D. Todavia, assim não entendeu o douto Acórdão ao considerar que os factos alegados nos artigos 6º e 7º do articulado inicial não foram provados, por terem carácter meramente conclusivo, não se concretizando os requisitos da coacção moral.
E. O artigo 248º do CC determina que é “feita sob coação moral a declaração negocial determinada pelo receio de um mal de que o declarante foi ilicitamente ameaçado com o fim de obter a declaração. A ameaça tanto pode respeitar à pessoa, como à honra ou património do declarante ou de terceiro.
F. Salvo o devido respeito, da matéria alegada resultam claramente demonstrados os pressupostos da coacção moral, ou seja, a natureza essencial e ilícita da coacção e a intenção de extorquir a declaração.
G. No art. 6º da petição inicial refere-se que o Autor foi forçado a assinar o contrato promessa de compra e venda dum imóvel propriedade sua, para que a mãe pudesse “saldar dívidas de jogo”.
H. Ora, constitui um facto do conhecimento geral que o reembolso de créditos de jogo em Macau é muitas vezes logrado sob a forma de ameaças dirigidas contra o devedor e/ou família com o propósito de assim forçar o devedor a assinar garantias de cumprimento da dívida.
I. Portanto, crê-se que, in casu, é notório o motivo por que o Autor ficou com receio pela “vida e integridade física da mãe e por eventuais ameaças dirigidas contra a sua família”.
J. Diz-se ainda no art. 7º do libelo inicial que o Autor anuiu de imediato na assinatura do acordo “receando pela vida e integridade física da mãe e por eventuais ameaças dirigidas contra a sua família”, pelo que se extrai daqui, indubitavelmente, qual o mal concretamente ameaçado: a vida e a integridade física própria e da família.

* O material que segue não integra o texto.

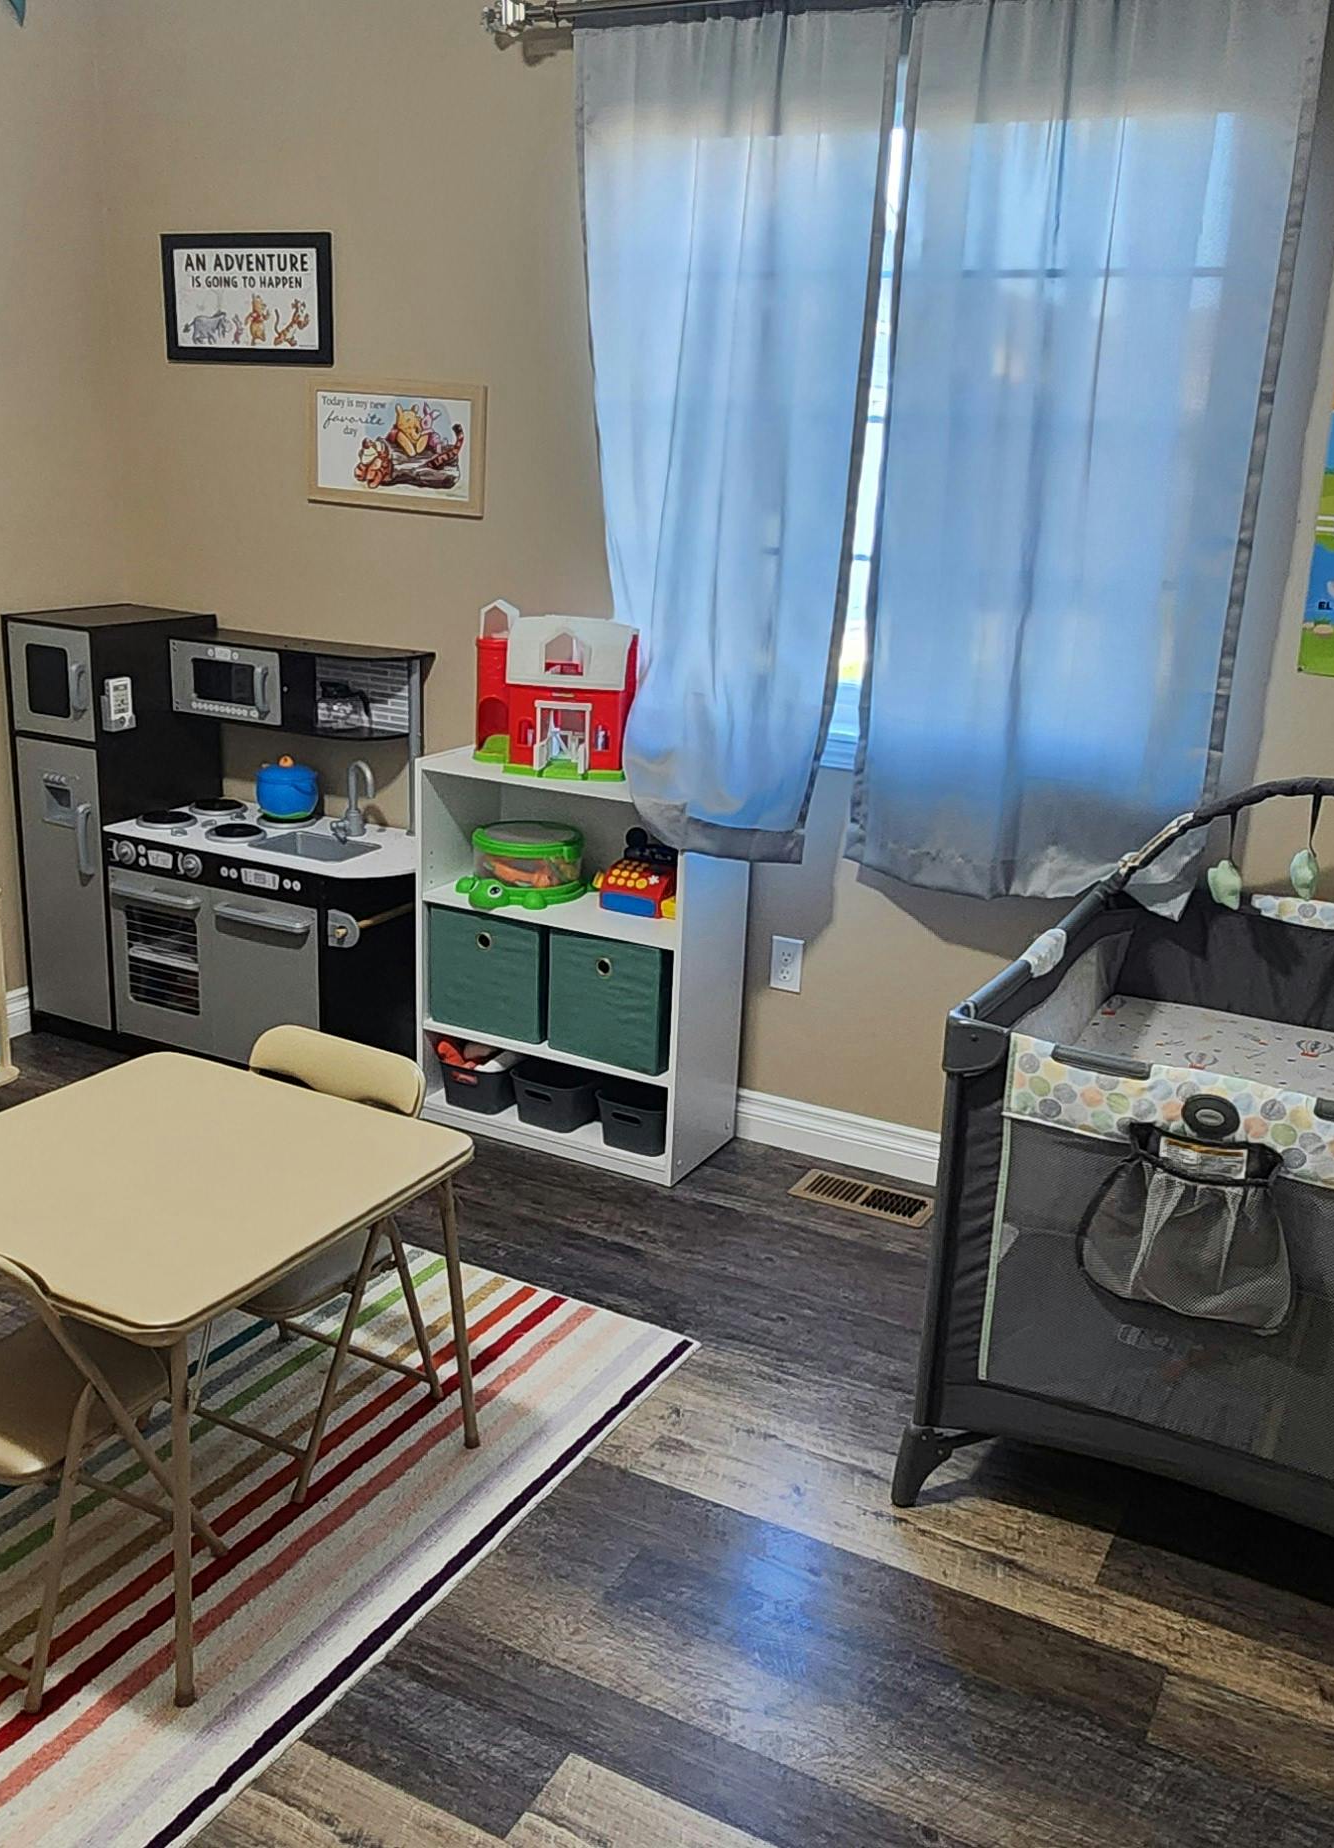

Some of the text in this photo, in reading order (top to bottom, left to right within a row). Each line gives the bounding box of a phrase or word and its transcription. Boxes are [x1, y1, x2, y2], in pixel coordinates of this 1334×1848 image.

[184, 253, 309, 272] AN ADVENTURE
[191, 276, 302, 289] IS GOING TO HAPPEN
[321, 396, 387, 410] Today is my new
[322, 410, 385, 429] favorite
[343, 425, 357, 437] day
[1318, 602, 1334, 611] EL
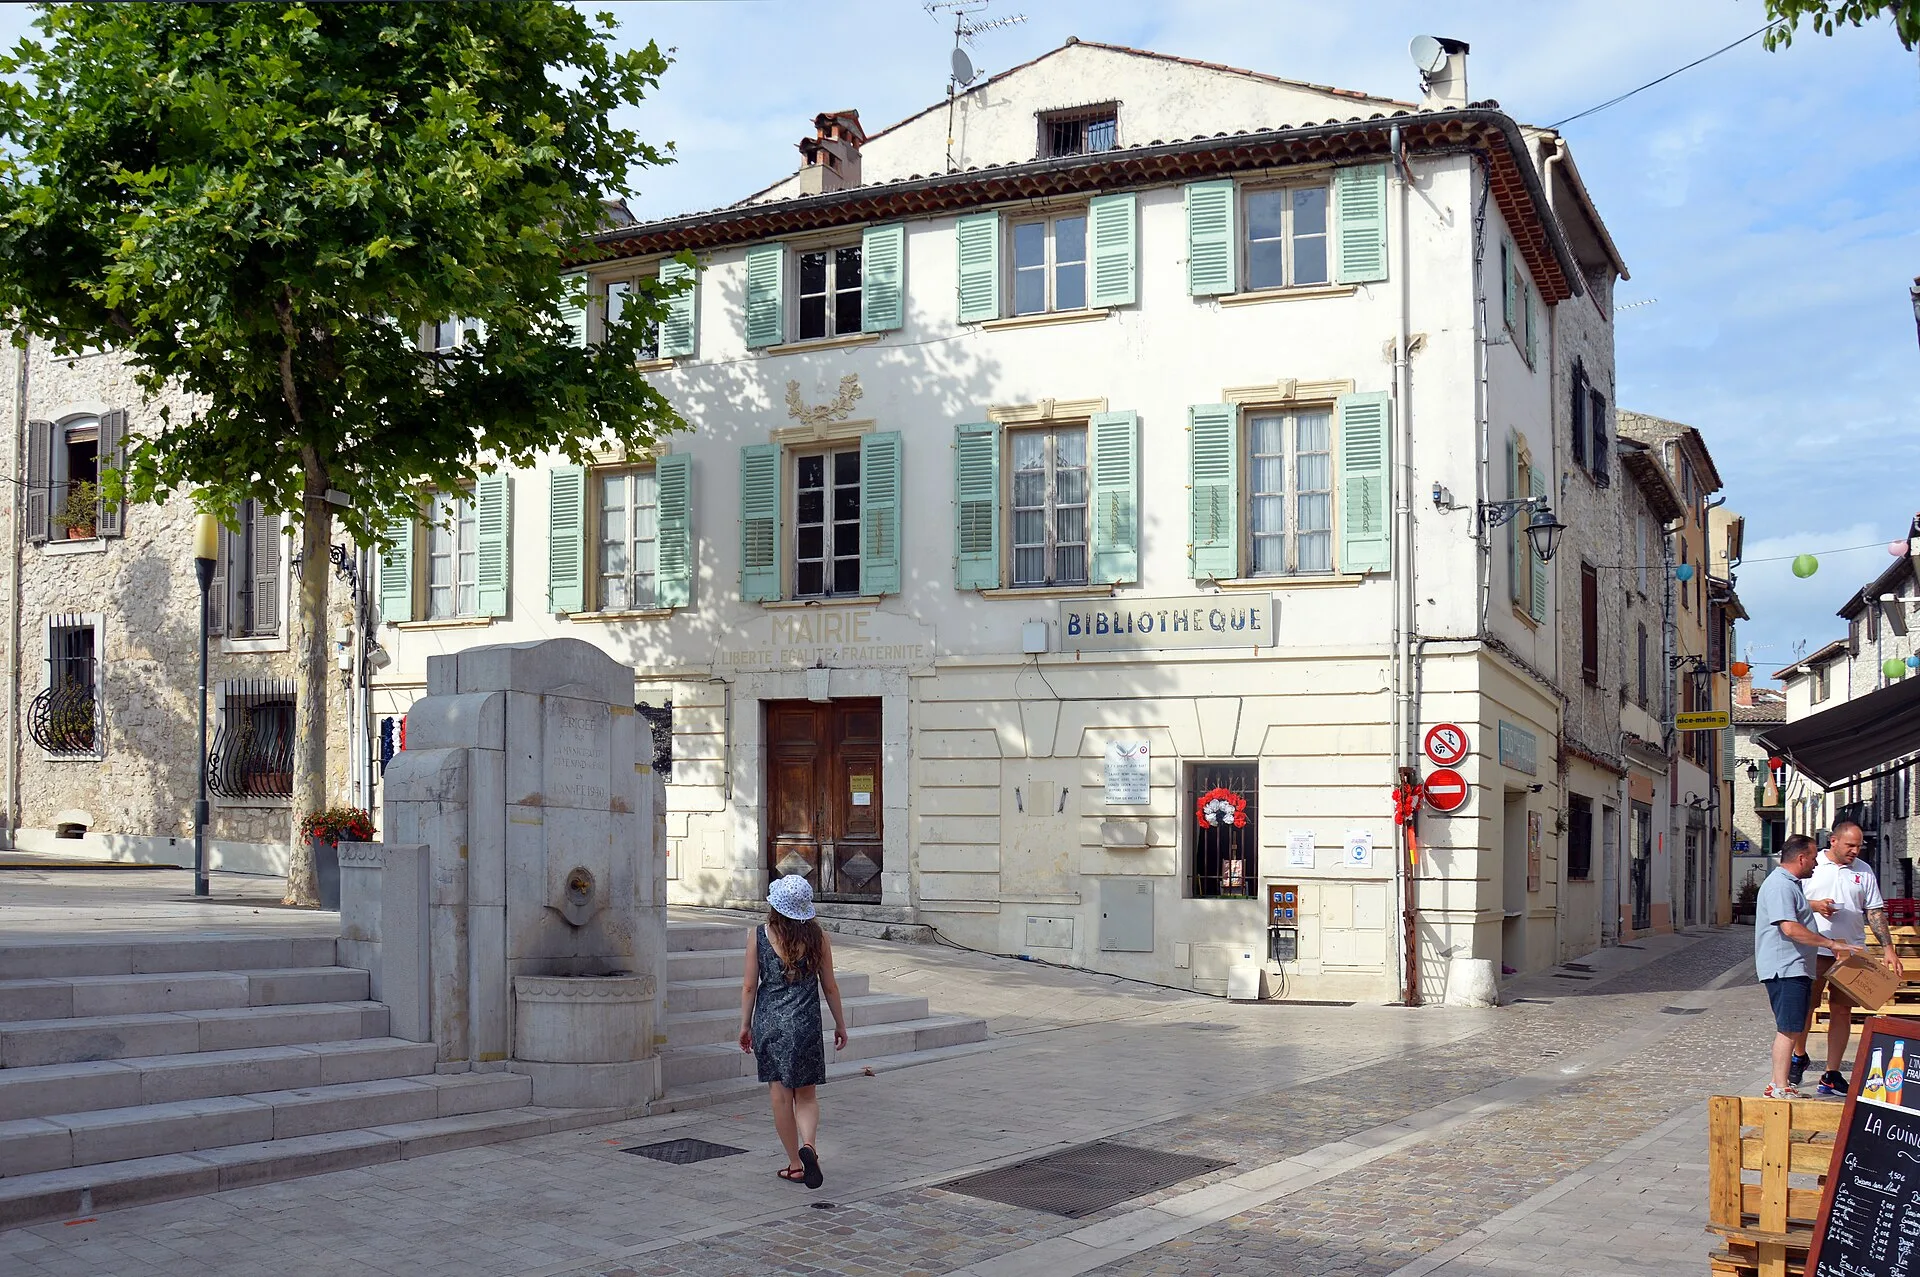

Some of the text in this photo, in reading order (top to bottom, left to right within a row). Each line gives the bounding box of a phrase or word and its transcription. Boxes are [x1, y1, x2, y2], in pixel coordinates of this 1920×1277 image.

K. Dito isto, dúvidas não podem restar quanto à essencialidade da coacção uma vez que foi dirigida contra bens de natureza pessoalíssima,
L. nem quanto à sua ilicitude, cuja relevância penal dos bens jurídicos ameaçados é insofismável.
M. Também resulta evidente dos factos assentes que o objectivo de tal ameaça foi “forçar” a assinatura do contrato promessa de compra e venda e, de imediato, lograr obter o pagamento da dívida de jogo através do sinal entregue pela Ré.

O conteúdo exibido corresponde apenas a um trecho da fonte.